▸ Exercise description: With every picture left out, give the data below back exactly.

┏━━

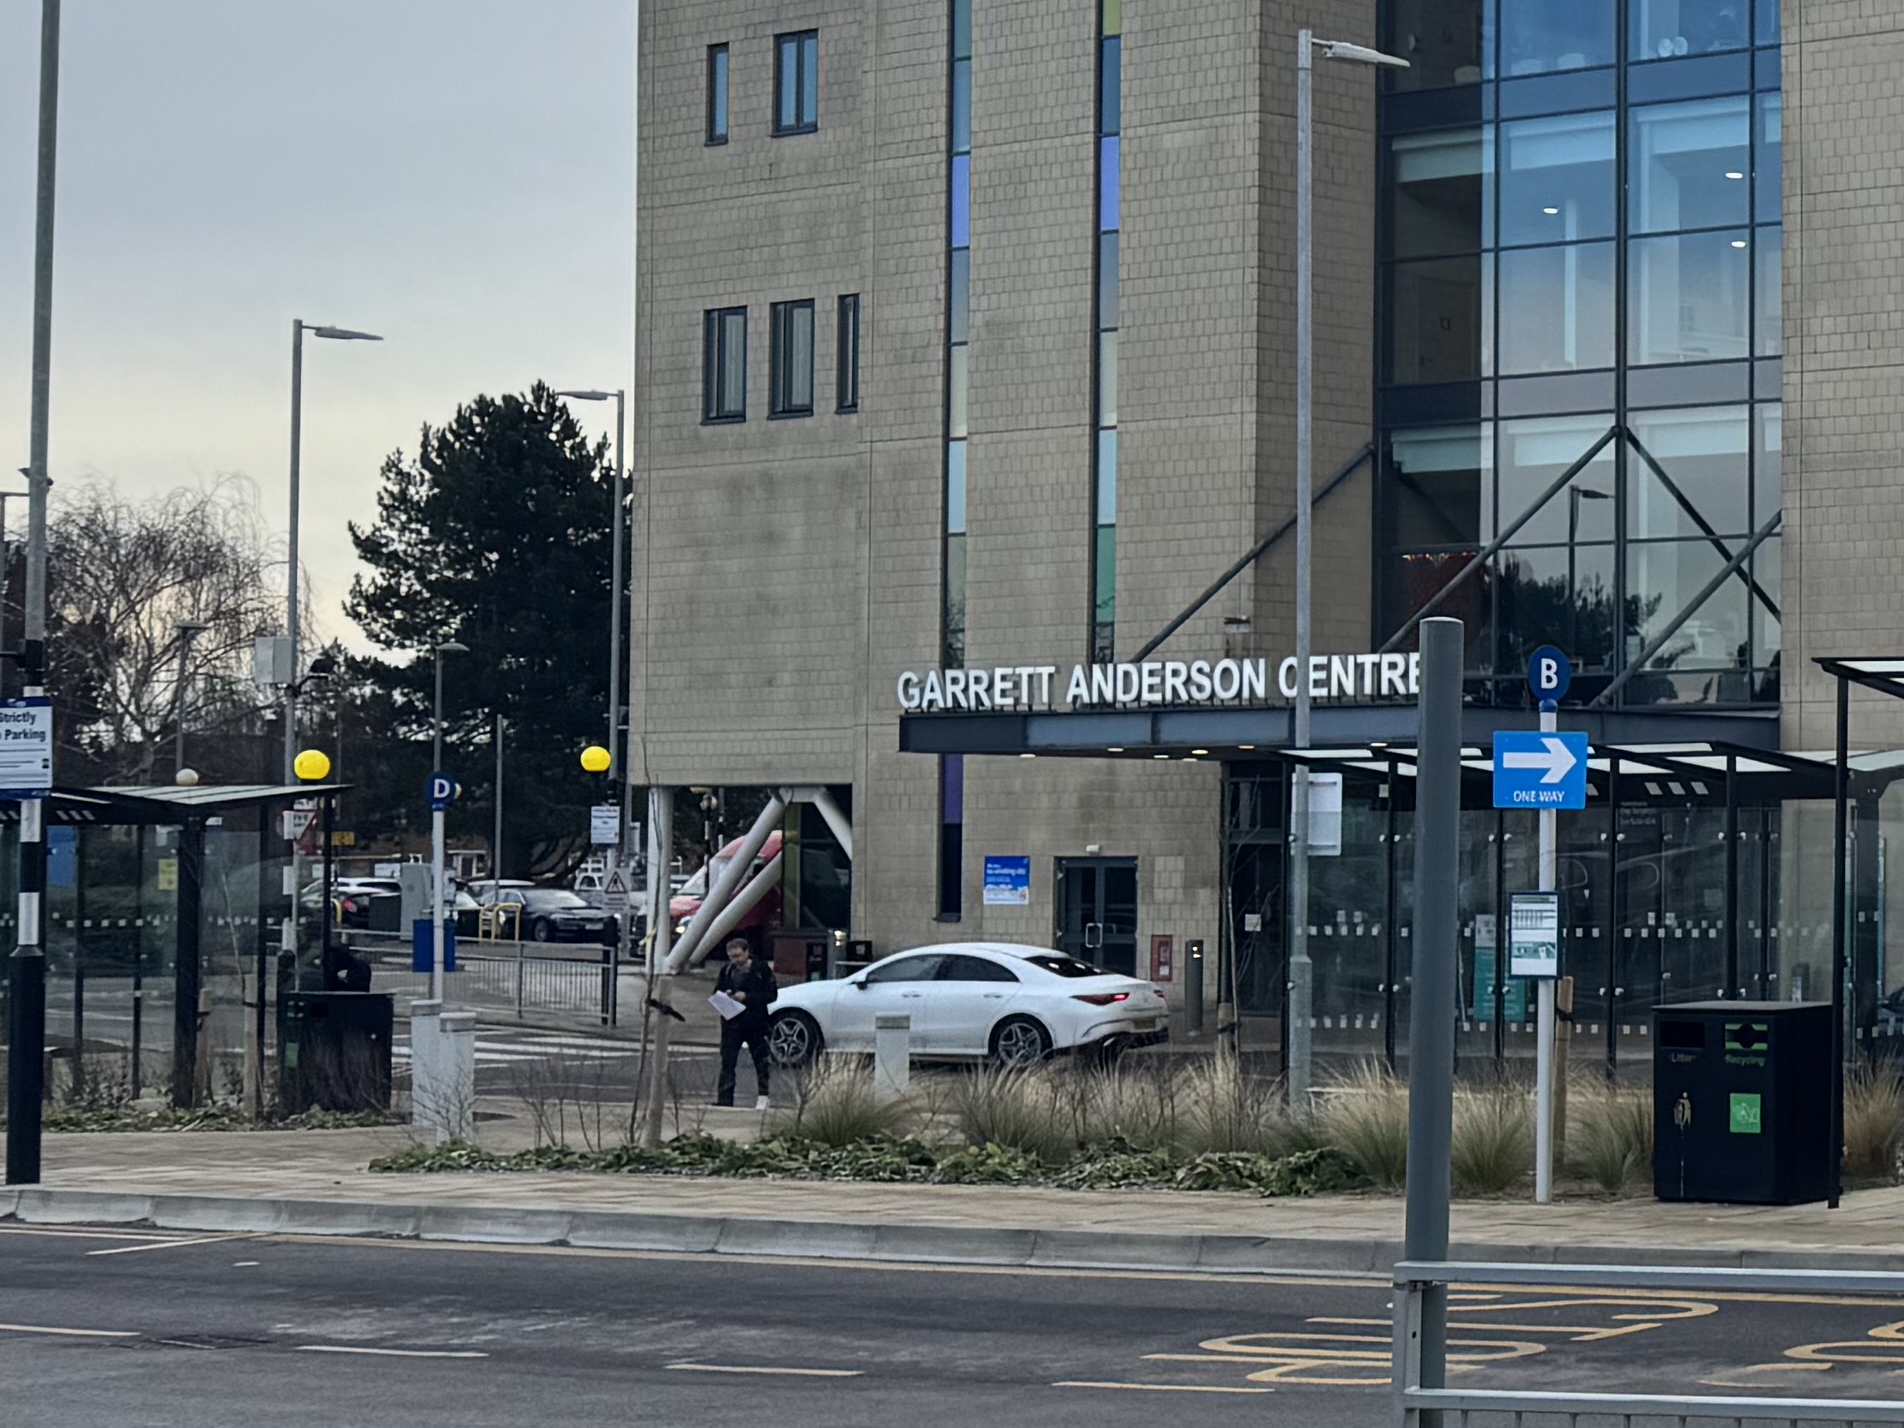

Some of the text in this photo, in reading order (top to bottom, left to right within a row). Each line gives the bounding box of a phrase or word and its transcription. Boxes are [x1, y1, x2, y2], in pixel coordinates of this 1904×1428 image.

[1541, 658, 1558, 689] B
[897, 666, 1056, 710] GARRETT
[1066, 658, 1266, 705] ANDERSON
[5, 729, 46, 742] Parking
[434, 778, 450, 798] D
[1513, 791, 1565, 803] ONE WAY
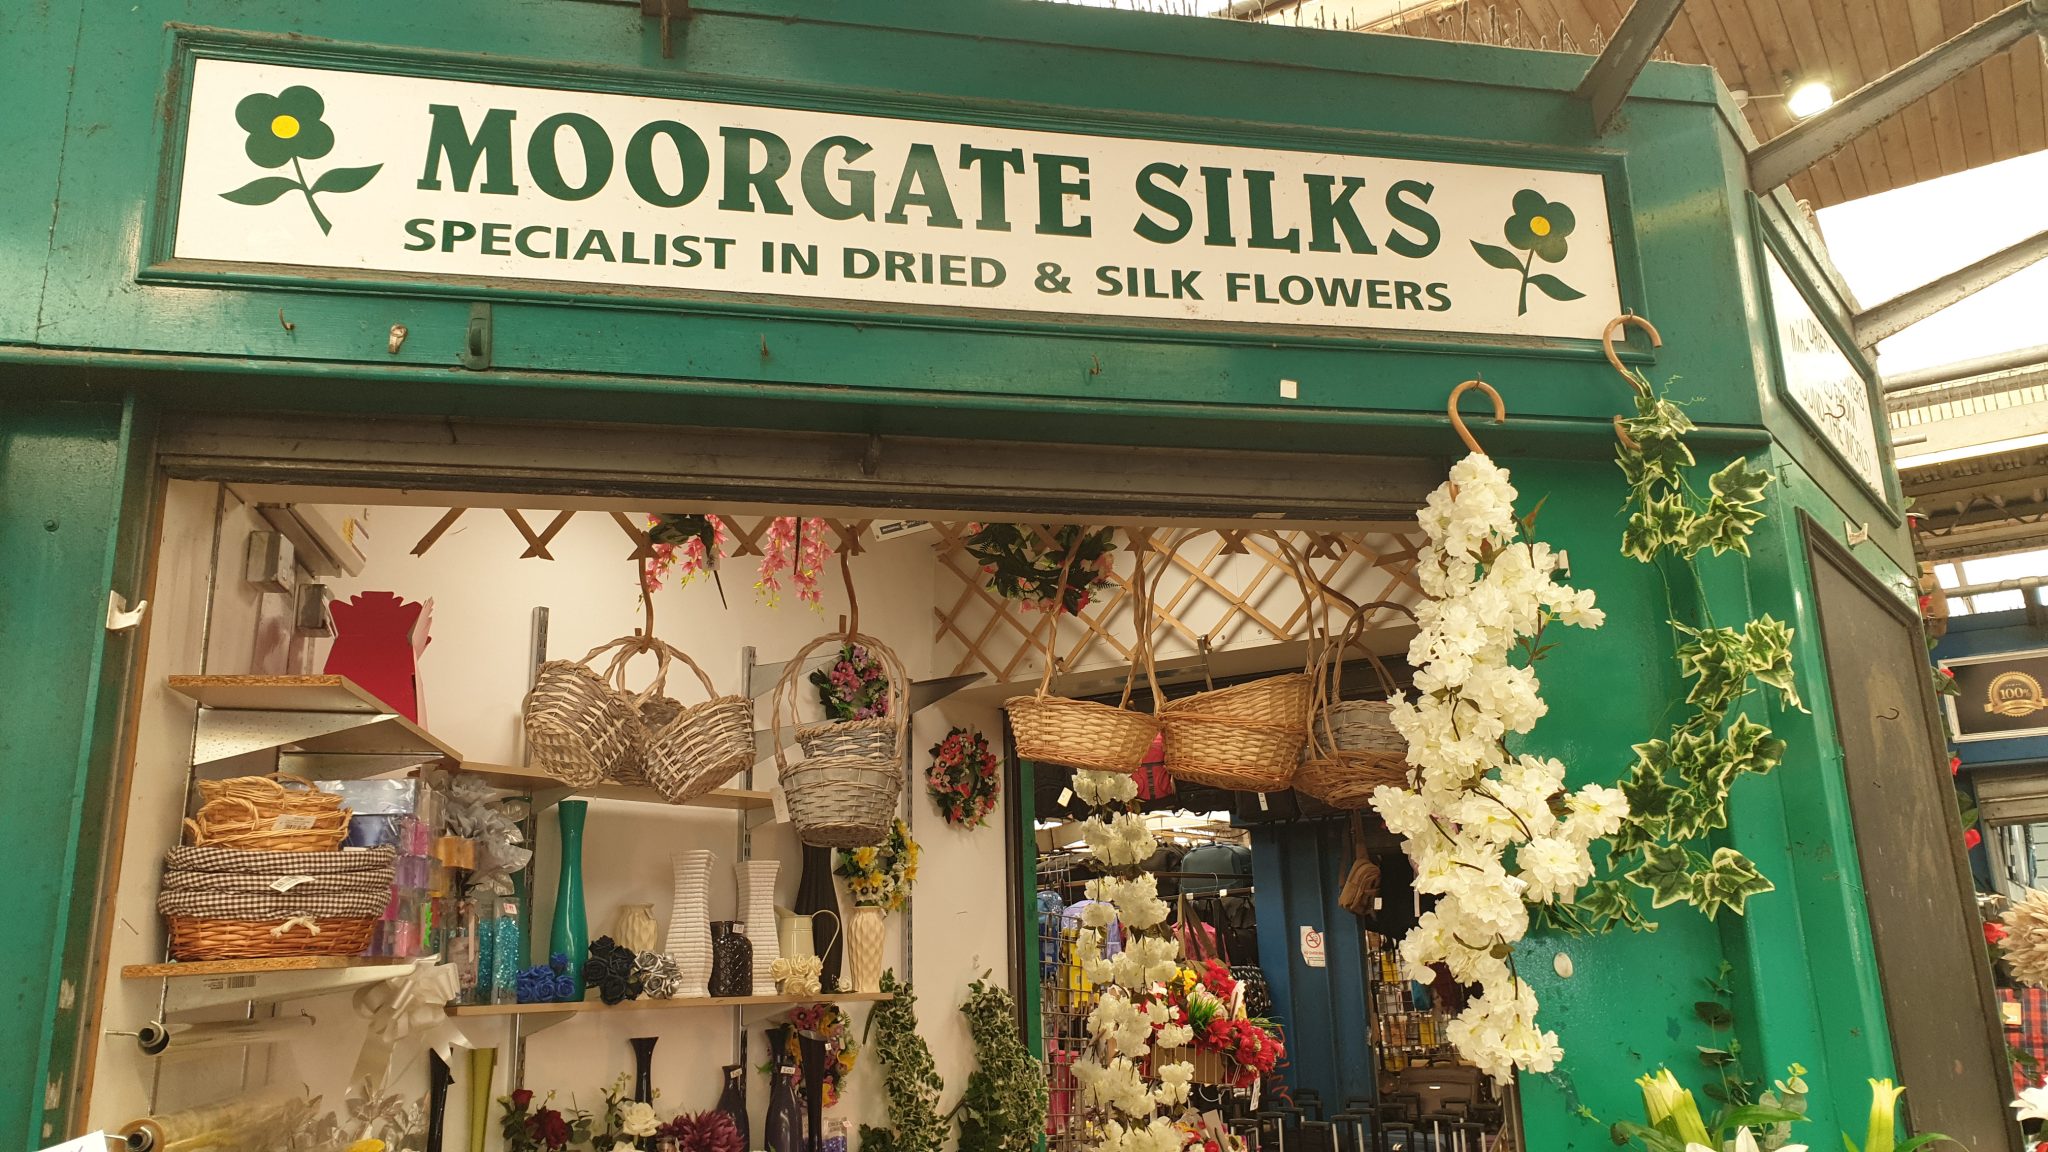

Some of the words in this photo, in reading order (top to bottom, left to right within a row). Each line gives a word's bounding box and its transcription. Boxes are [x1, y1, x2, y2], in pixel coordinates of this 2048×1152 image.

[417, 104, 1091, 237] MOORGATE
[1134, 163, 1440, 258] SILKS
[405, 219, 735, 269] SPECIALIST
[763, 242, 817, 275] IN
[844, 248, 1006, 287] DRIED
[1035, 263, 1071, 292] &
[1096, 266, 1203, 300] SILK
[1227, 273, 1451, 311] FLOWERS

┗━━

▸ Answer to this task:
Some of the text in this photo, in reading order (top to bottom, left to right within a row). Each line gives the bounding box of a phrase or word and its transcription. Boxes are [x1, y1, x2, y2], in pixel coordinates of this 1904×1428 image.

[1541, 658, 1558, 689] B
[897, 666, 1056, 710] GARRETT
[1066, 658, 1266, 705] ANDERSON
[5, 729, 46, 742] Parking
[434, 778, 450, 798] D
[1513, 791, 1565, 803] ONE WAY

Some of the words in this photo, in reading order (top to bottom, left to right within a row). Each line gives a word's bounding box and its transcription. Boxes are [x1, y1, x2, y2], in pixel coordinates of this 2048×1152 image.

[417, 104, 1091, 237] MOORGATE
[1134, 163, 1440, 258] SILKS
[405, 219, 735, 269] SPECIALIST
[763, 242, 817, 275] IN
[844, 248, 1006, 287] DRIED
[1035, 263, 1071, 292] &
[1096, 266, 1203, 300] SILK
[1227, 273, 1451, 311] FLOWERS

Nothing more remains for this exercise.